Reprise des répétitions, dans cette salle surchauffée alors que dehors il fait si bon, soleil avec un petit vent frais. Mais demain nous intégrons le théâtre, je crois qu'il y a l'air conditionné. Les acteurs ont donc commencé la répétition par un petit sauna avec la séance de danse, 1, 2, 3, 4... ils ont intégré déjà quasiment tout le parcours, et en leur demandant de ne pas jouer, de ne pas s'occuper du jeu, de leur personnage (et autres balivernes), et bien paradoxalement cela commençait à ressembler à quelque chose : plus de lenteur et de désinvolture.
La scène du mari (24), ils l'ont trouvée de suite et joliment sur une valse péruvienne et quand nous aurons l'arrangement sur la chanson de Joséphine Baker, cela devrait ressembler à quelque chose. La répartition des rôles (le chanteur et le danseur) donne une bonne dynamique à la pièce et raconte bien
comment leur spectacle se délite. [Pour ceux qui ne connaissent pas la pièce, vous pouvez sauter ces passages. C'est assez logique qu'ils vous paraissent incompréhensibles.] Nous allons donc garder la version française de la chanson pour les moments de spectacle et Miguel, le deuxième boy donc le chanteur chantera en espagnol.
Bizarrement, alors que l'idée pour une fois est simple, Gabriela a du mal à faire, à imiter le goguenard. C'est le premier jour où nous voyons la scène et nous avons réussi à dessiner un parcours. Donc pas de désespérance. Cela veut dire que j'ai vu la scène 25 et demain, comme Miguel ne joue pas le soir, nous travaillerons jusqu'à 23h aujourd'hui on a travaillé jusqu'à 18 h, mais ils étaient fatigués... la chaleur et j'ai bon espoir de voir la pièce jusqu'à la fin. Cela nous fera gagner un jour car je sens bien que le temps est court ; la première est le 17 mars. J'ai beau répéter « no problemo », je garde un oeil sur le planning, d'autant que j'apprends aujourd'hui qu'il y a tournage d'un spot vidéo pour la promo qui va nous manger une répétition, si ce n'est une journée de répétition.
Ils se moquent (les acteurs) régulièrement de moi car je dis toujours « está la idea et ya veremos ». Qu'est-ce qu'on peut faire de plus quand ils ne savent pas le texte et qu'ils doivent s'habiller ou danser ! La moquerie est toujours amicale mais il va bien falloir un jour voir quelque chose. « Ya veremos... »

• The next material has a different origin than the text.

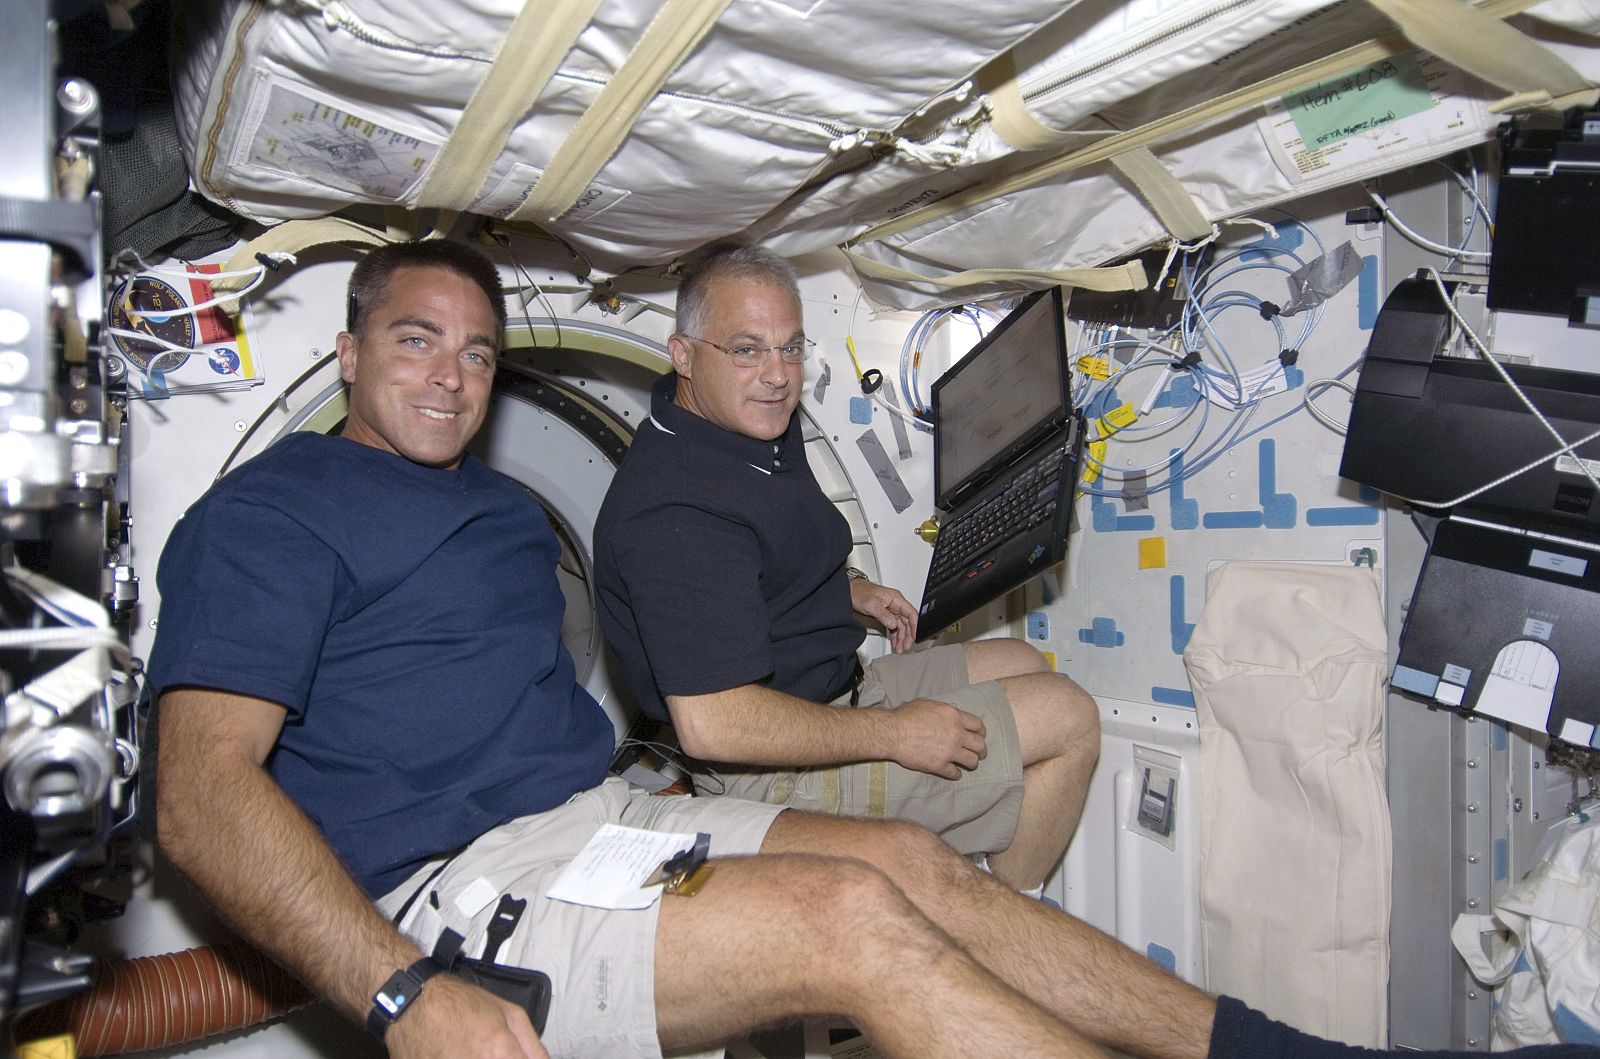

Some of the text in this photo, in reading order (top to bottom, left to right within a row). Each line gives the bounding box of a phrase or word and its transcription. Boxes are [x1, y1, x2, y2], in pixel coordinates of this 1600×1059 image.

[1301, 87, 1341, 111] Item
[149, 281, 164, 290] WOLF
[130, 351, 147, 367] KOPRA

Et puis il y a une belle complicité entre eux, complicité d'acteurs sur le plateau. J'espère que nous arriverons à préserver cela, c'est essentiel pour la pièce qu'il y ait cette respiration et cette détente. L'histoire de la pièce, c'est quand même l'histoire des répétitions, notre histoire aussi.
La construction de la pièce est quand même géniale, bien qu'incompréhensible et il faut l'apprivoiser. Là, il faudrait que j'explique mais je viens de boire un « pisco sour » (cocktail national), il est 22h et je suis fatigué, donc j'y reviens plus tard, non, pas plus tard, un autre jour...
La vie quotidienne, c'est aussi une nouvelle connexion wifi (précision pour le guide du Routard, il faut acheter la « carte telefónica »), dans un centre commercial au bord de la mer pour touristes et sortie du dimanche (genre forum des Halles en plus petit). À pleurer, mais c'est plus économique que le Marriott (c'est à la durée) si ce n'est que je n'arrive pas à envoyer les messages. Espérons que je pourrai me raccorder demain au réseau du théâtre.
Le dimanche m'a permis de récupérer et je ne sens plus le décalage horaire.

Le Costume.
Rouge et or, « la torche vivante ».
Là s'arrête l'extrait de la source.